Pare de cortar custos, comece a cortar desperdícios

Todos os anos se repete o momento mais estressante e corrido de uma empresa: seu ciclo orçamentário. Invariavelmente o tempo é curto para o tamanho do trabalho e as pessoas correm pra la e pra cá estressadas para entregar suas “planilhas” dentro do cronograma e então aguardar a “temida” reunião de aprovação com o conselho.

Invariavelmente os gestores, em suas rotinas apagadoras de incêndio, gastam muito pouco tempo avaliando e medindo o passado antes de defender seus números. O que importa é levar uma bela planilha preenchida com uma premissa chave para conseguir sair bem na foto: receitas subindo, custos caindo, afinal papel aceita tudo. Infelizmente é quase sempre assim.

Eis uma grande oportunidade de diferenciação para os gestores em geral, em especial aqui gestores de marketing que já andam bem desanimados ao preverem os cortes que vão encontrar nesse tipo de reunião: se diferenciem pela disciplina de medir cada resultado, de cada ação, por mais difícil que isso possa parecer em determinados casos. Alguns profissionais costumam alegar que as tais ações de “branding” são difíceis de serem medidas e, dessa forma, contam com o “gogó” cada vez menos acreditado para garantir sua “verbinha” para o ano.

Trocar o gogó pela capacidade de colocar métodos e processos de mensuração para tudo, indicadores que façam sentido para cada caso, aí está a sua janela de oportunidade como profissional de marketing. Hora de ficar bem na foto aprendendo a medir!

Uma das frases preferidas dos gurus de negócios “Aquilo que não se pode medir não se pode melhorar”, do físico irlandês William Thomson, já deu origem a uma série de dinâmicas motivacionais e é hoje muito utilizada em treinamentos de equipes para mostrar que as pessoas, quando medidas, se tornam mais ágeis e mais eficientes.

E a grande verdade é que os gestores de marketing não são devidamente preparados e obcecados por métricas como deveriam em um mundo tão competitivo como o de hoje. Eles se tornaram ágeis apagadores de incêndio e reativos às demandas internas da empresa e externas do mercado. É preciso inverter esse jogo e dedicar mais tempo na rotina do dia a dia a medir e avaliar. Isso vai tornar o ciclo de planejamento mais produtivo e com mais foco em resultados e menos em fazer as melhores planilhas, ensaiar a melhor estratégia para convencer a diretoria e quem sabe garantir “as manguinhas” do orçamento.

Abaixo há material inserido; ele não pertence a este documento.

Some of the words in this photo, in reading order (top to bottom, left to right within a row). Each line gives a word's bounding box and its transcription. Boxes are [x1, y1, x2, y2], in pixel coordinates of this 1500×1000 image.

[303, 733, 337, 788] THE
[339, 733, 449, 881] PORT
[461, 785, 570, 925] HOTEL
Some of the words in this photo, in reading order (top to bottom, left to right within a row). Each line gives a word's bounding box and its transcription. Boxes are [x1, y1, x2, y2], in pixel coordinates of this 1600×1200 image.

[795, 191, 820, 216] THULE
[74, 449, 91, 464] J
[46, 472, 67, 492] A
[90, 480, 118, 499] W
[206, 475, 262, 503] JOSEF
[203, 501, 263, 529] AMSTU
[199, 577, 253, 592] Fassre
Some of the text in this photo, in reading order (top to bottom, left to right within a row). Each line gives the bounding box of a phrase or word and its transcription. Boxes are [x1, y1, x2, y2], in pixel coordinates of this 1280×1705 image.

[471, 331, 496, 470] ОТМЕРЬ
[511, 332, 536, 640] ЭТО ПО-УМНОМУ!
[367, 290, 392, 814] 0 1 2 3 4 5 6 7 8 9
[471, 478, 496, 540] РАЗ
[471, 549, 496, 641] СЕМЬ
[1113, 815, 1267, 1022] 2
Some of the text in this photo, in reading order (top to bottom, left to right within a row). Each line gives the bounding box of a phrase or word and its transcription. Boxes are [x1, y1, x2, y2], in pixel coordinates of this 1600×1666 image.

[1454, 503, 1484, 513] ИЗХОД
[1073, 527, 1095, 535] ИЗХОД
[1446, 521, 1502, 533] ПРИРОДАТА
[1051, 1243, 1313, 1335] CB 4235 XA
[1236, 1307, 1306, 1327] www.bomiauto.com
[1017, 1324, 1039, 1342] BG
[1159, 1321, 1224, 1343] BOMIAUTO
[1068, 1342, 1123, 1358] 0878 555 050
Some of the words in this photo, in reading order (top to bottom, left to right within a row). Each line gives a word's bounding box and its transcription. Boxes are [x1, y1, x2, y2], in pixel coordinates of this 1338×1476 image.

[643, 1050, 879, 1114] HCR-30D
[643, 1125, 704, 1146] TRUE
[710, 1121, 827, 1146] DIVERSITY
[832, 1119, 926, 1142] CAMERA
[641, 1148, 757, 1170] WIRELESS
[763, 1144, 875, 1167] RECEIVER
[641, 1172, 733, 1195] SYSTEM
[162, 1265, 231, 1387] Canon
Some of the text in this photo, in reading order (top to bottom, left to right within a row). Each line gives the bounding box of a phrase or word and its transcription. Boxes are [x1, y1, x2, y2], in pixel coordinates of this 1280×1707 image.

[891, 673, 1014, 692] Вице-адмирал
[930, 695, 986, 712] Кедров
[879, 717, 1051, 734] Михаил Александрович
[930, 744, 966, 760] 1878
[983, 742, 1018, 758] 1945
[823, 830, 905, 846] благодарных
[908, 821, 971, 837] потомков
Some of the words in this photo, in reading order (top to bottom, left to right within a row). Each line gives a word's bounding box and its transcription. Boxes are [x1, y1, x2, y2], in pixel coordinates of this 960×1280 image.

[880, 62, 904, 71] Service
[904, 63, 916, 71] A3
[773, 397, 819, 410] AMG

A melhor estratégia é sempre o resultado, bem mensurado e bem apresentado. O seu presidente sabe fazer contas e garanto que não gastará mais que 2 minutos para aprovar um custo X para um retorno de 2X.

Aí sim você começa a desviar os desperdícios para a linha de custos que dão resultados. Esse é um custo bom que ninguém em sã consciência vai pressioná-lo a cortar. Isso sim é ficar bem na foto.